» **Given records**:
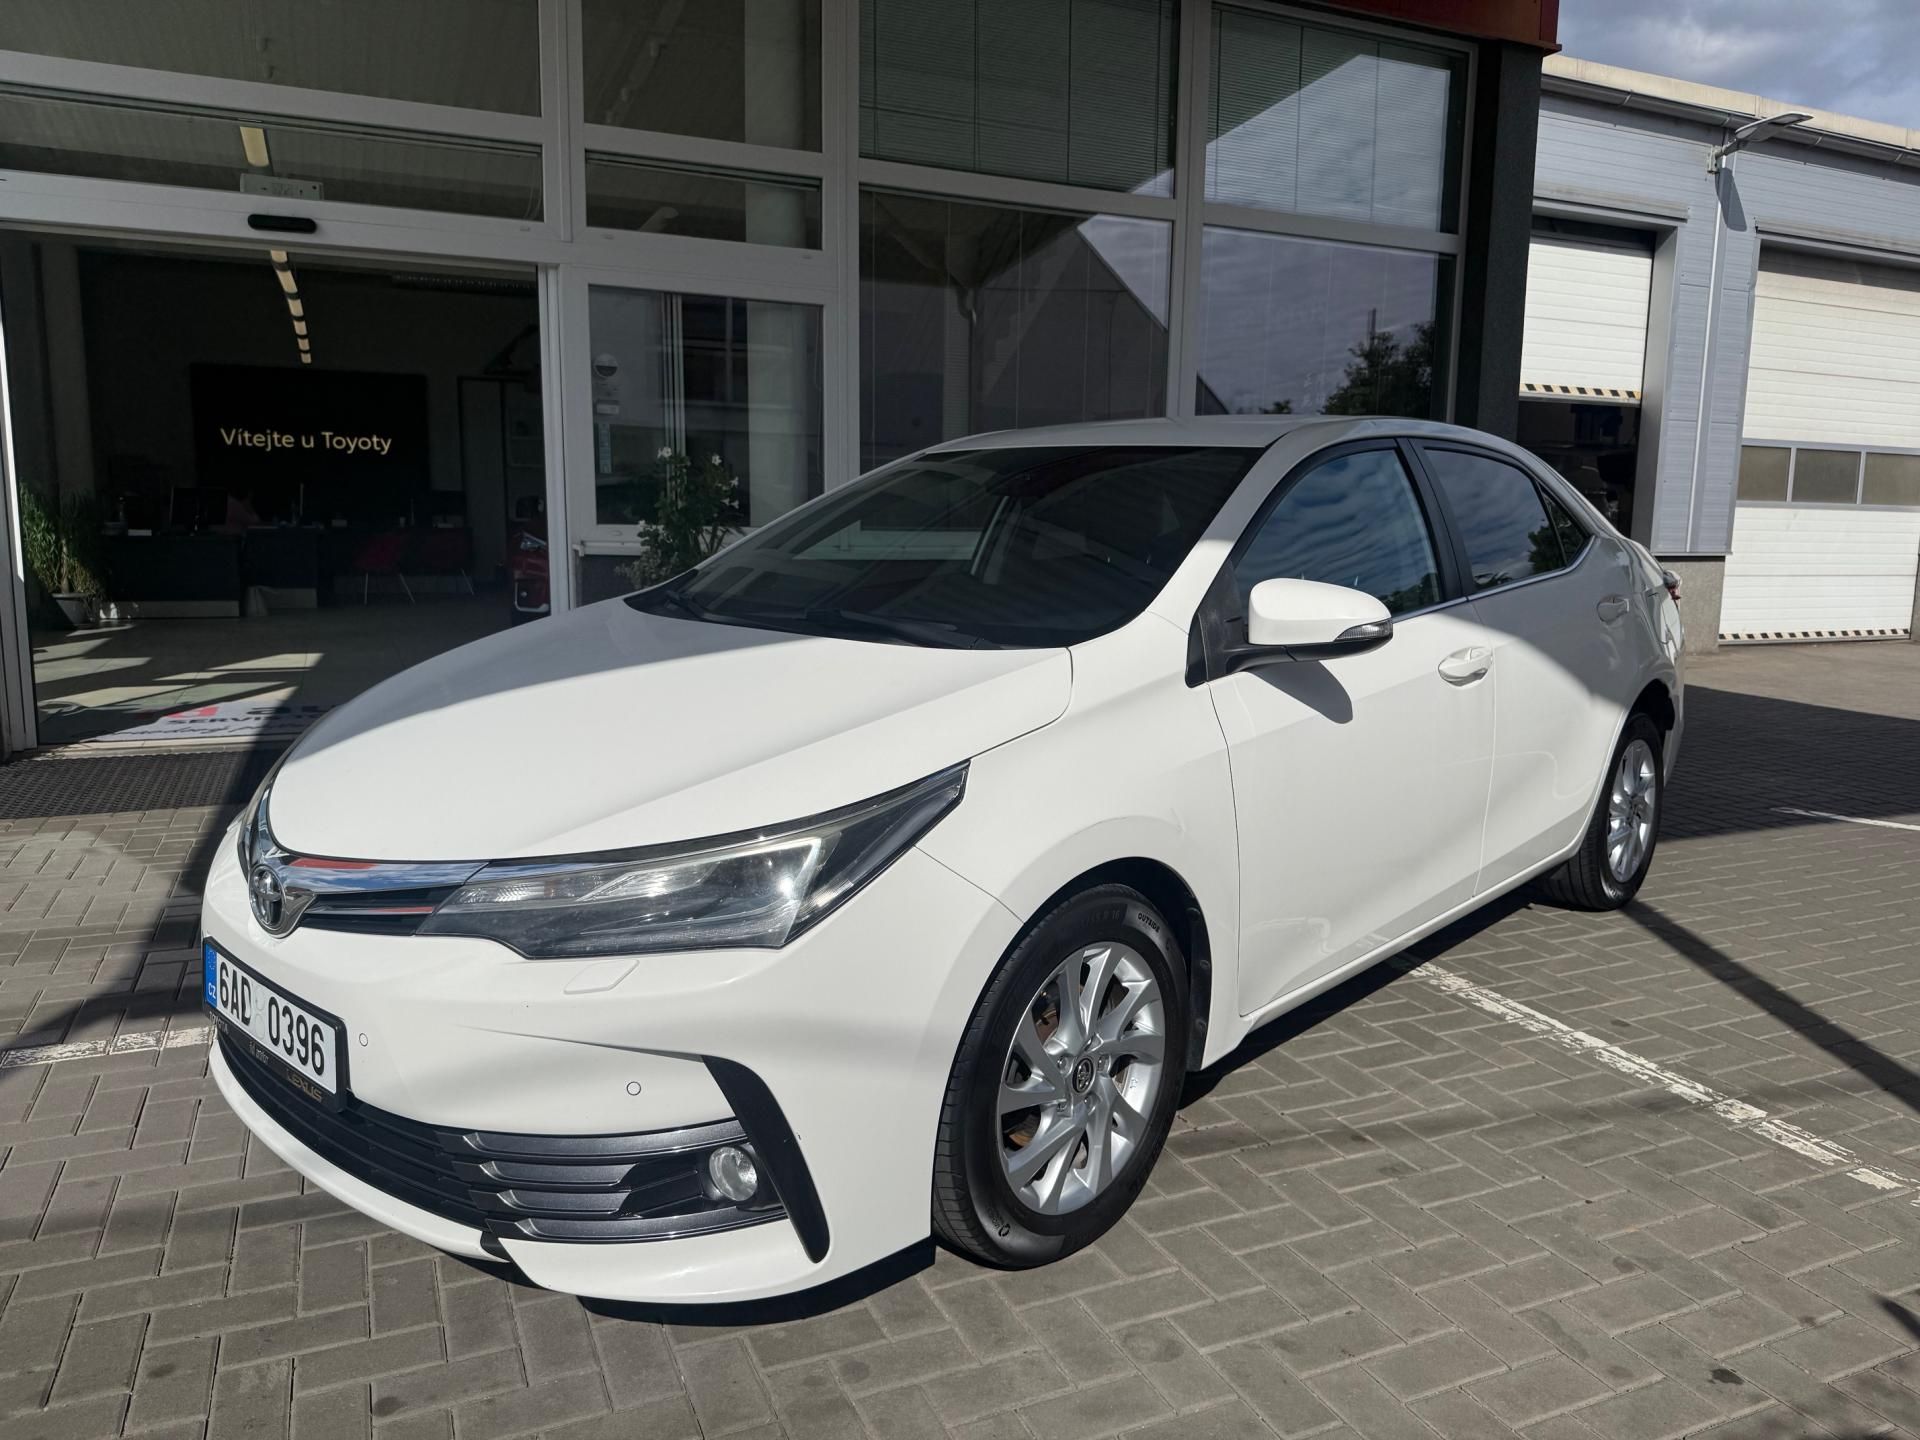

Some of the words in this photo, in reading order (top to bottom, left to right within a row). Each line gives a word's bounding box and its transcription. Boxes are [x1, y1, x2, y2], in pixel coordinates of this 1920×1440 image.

[220, 428, 295, 452] Vítejte
[301, 435, 314, 448] u
[321, 431, 392, 455] Toyoty
[1138, 913, 1161, 933] OUTSIDE
[208, 982, 216, 999] CZ
[219, 961, 252, 1026] 6AD
[268, 996, 325, 1077] 0396
[286, 1069, 323, 1102] LEXUS

» **Task statement**:
Your task is to retype the listing exactly, without its pictures.

» **Task result**:
Some of the words in this photo, in reading order (top to bottom, left to right within a row). Each line gives a word's bounding box and its transcription. Boxes are [x1, y1, x2, y2], in pixel coordinates of this 1920×1440 image.

[220, 428, 295, 452] Vítejte
[301, 435, 314, 448] u
[321, 431, 392, 455] Toyoty
[1138, 913, 1161, 933] OUTSIDE
[208, 982, 216, 999] CZ
[219, 961, 252, 1026] 6AD
[268, 996, 325, 1077] 0396
[286, 1069, 323, 1102] LEXUS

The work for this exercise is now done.